India’s MGNREGA and Public Distribution System (PDS) could be adapted similarly to buffer against the economic precursors of mental distress. Mental health policy in India still exists in a silo—when it should be part of a broader welfare ecosystem.
The Rural-Urban Divide
In 2022, the government launched Tele-MANAS, a national tele-mental health helpline. While this initiative holds promise, its impact is curtailed by the digital divide. Many rural regions still lack stable internet connections. Mental health professionals are rarely posted in Primary Health Centres, and community health workers—such as ASHAs—feel overwhelmed due to inadequate training and zero incentives for mental health-related work (Varshney et al., 2022).
For 200 million Indians estimated to benefit from mental health services, fewer than 30 million actually seek treatment. The rest are left navigating stigma, silence, and systems that fail to show up for them.
Rights in Theory, Not in Practice
The MHCA signaled a paradigm shift, from a custodial and medical model to a person-centered, rights-based framework. It promised autonomy and dignity. But in practice, adolescents are denied agency, women face patriarchal barriers to access, and the poor remain at the mercy of a fractured system.
It promised autonomy and dignity. But in practice, adolescents are denied agency, women face patriarchal barriers to access, and the poor remain at the mercy of a fractured system.
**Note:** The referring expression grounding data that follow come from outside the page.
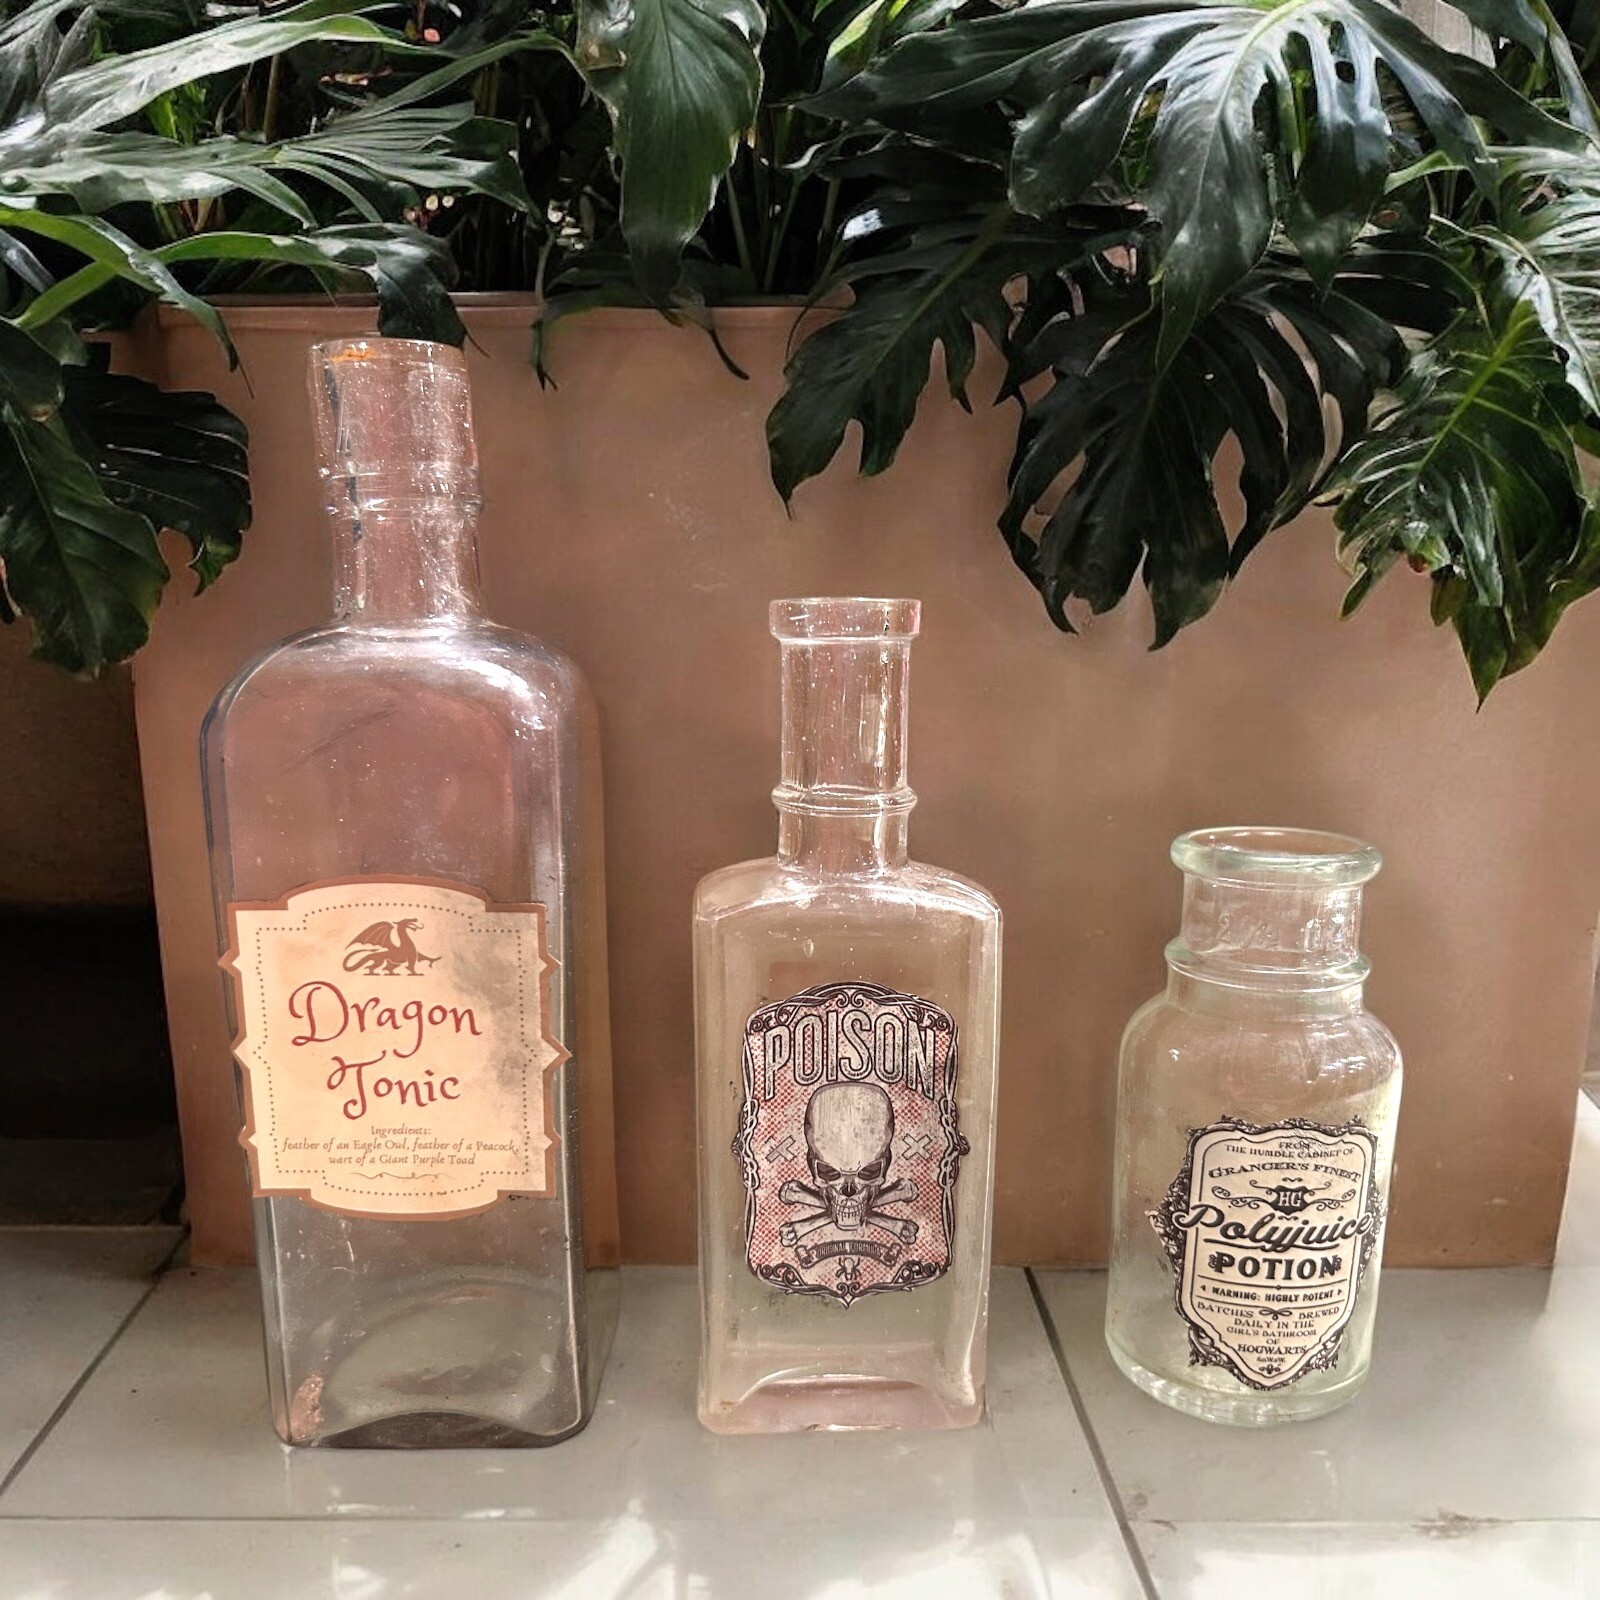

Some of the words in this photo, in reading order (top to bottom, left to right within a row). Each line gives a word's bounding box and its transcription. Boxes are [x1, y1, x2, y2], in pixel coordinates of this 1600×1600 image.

[288, 980, 483, 1058] Dragon
[763, 1010, 936, 1101] POISON
[326, 1050, 461, 1120] Tonic
[370, 1122, 432, 1139] Ingredients:
[281, 1137, 320, 1153] feather
[322, 1137, 335, 1153] of
[336, 1142, 350, 1150] an
[353, 1137, 382, 1153] Eagle
[411, 1137, 450, 1152] feather
[452, 1137, 465, 1153] of
[466, 1142, 473, 1150] a
[1224, 1144, 1247, 1154] THE
[1249, 1148, 1295, 1158] HUMBLE
[1342, 1146, 1356, 1156] OF
[329, 1155, 353, 1164] wart
[355, 1151, 368, 1167] of
[369, 1156, 376, 1164] a
[379, 1153, 409, 1164] Giant
[412, 1152, 445, 1168] Purple
[448, 1152, 476, 1165] Toad
[1207, 1161, 1310, 1179] GRANGER'S
[1313, 1163, 1362, 1183] FINEST
[1278, 1190, 1302, 1208] HG
[1173, 1203, 1373, 1253] Polyjuice
[1214, 1251, 1339, 1281] POTION
[1211, 1286, 1261, 1301] WARNING:
[1265, 1293, 1300, 1303] HIGHLY
[1302, 1289, 1335, 1301] POTENT
[1197, 1301, 1254, 1318] BATCHES
[1298, 1306, 1340, 1320] BREWED
[1233, 1318, 1273, 1329] DAILY
[1277, 1319, 1290, 1329] IN
[1292, 1319, 1316, 1329] THE
[1262, 1329, 1317, 1338] BATHROOM
[1265, 1338, 1281, 1346] OF
[1237, 1343, 1308, 1355] HOGWARTS
India's current approach echoes a familiar pattern: laws without implementation, schemes without resources, and programs without monitoring. For instance, although the Juvenile Justice Act (2015) recognizes adolescents’ cognitive maturity and evolving capacity to make informed decisions, the Mental Healthcare Act (2017) denies them equivalent agency in consenting to or refusing treatment. This contradiction exposes a policy gap that undermines adolescent autonomy and the very rights-based framework the MHCA seeks to uphold. Without policy coherence, such contradictions can do more harm than good.
Towards a Mental Health Revolution
- India doesn’t just need more counselors or hospitals. It needs a revolution in how mental health is perceived, prioritized, and delivered. Here’s what must change:
- Increase budgetary allocation to at least 5% of the health budget for mental health.
- Train and incentivize community health workers to deliver basic psychosocial support.
- Ensure insurance parity by penalizing companies that flout the MHCA.
- Establish and empower regulatory bodies, including MHRBs and state mental health authorities.
- Integrate mental healthcare with existing schemes like MGNREGA and school-based nutrition programs.
- Launch mass awareness campaigns to reduce stigma and inform citizens of their rights.
- India’s Midday Meal Scheme offers a powerful analogy. By providing free meals, it improved child nutrition while boosting school enrolment. A similar dual-impact strategy can be applied to mental health: combine short-term support (therapy, helplines, medications) with long-term resilience-building (addressing systemic issues, early intervention, and workplace support).
The Path Forward
Mental health must be reframed as a fundamental right and not a secondary service for the privileged. Without this shift, no amount of laws or helplines will close the chasm between policy and reality.
It’s time we moved beyond token gestures and symbolism. Every person has the right to live with dignity, free from psychological distress exacerbated by state inaction. The government has the tools; it now needs to find the political will. Citizens, too, must rise to demand better. If education can be a constitutional right in India, then why not mental health?
Kairav Negi is an undergraduate student of Psychology at FLAME University.
Dr. Gayatri Kotbagi is an Assistant Professor of Psychology at FLAME University, Pune.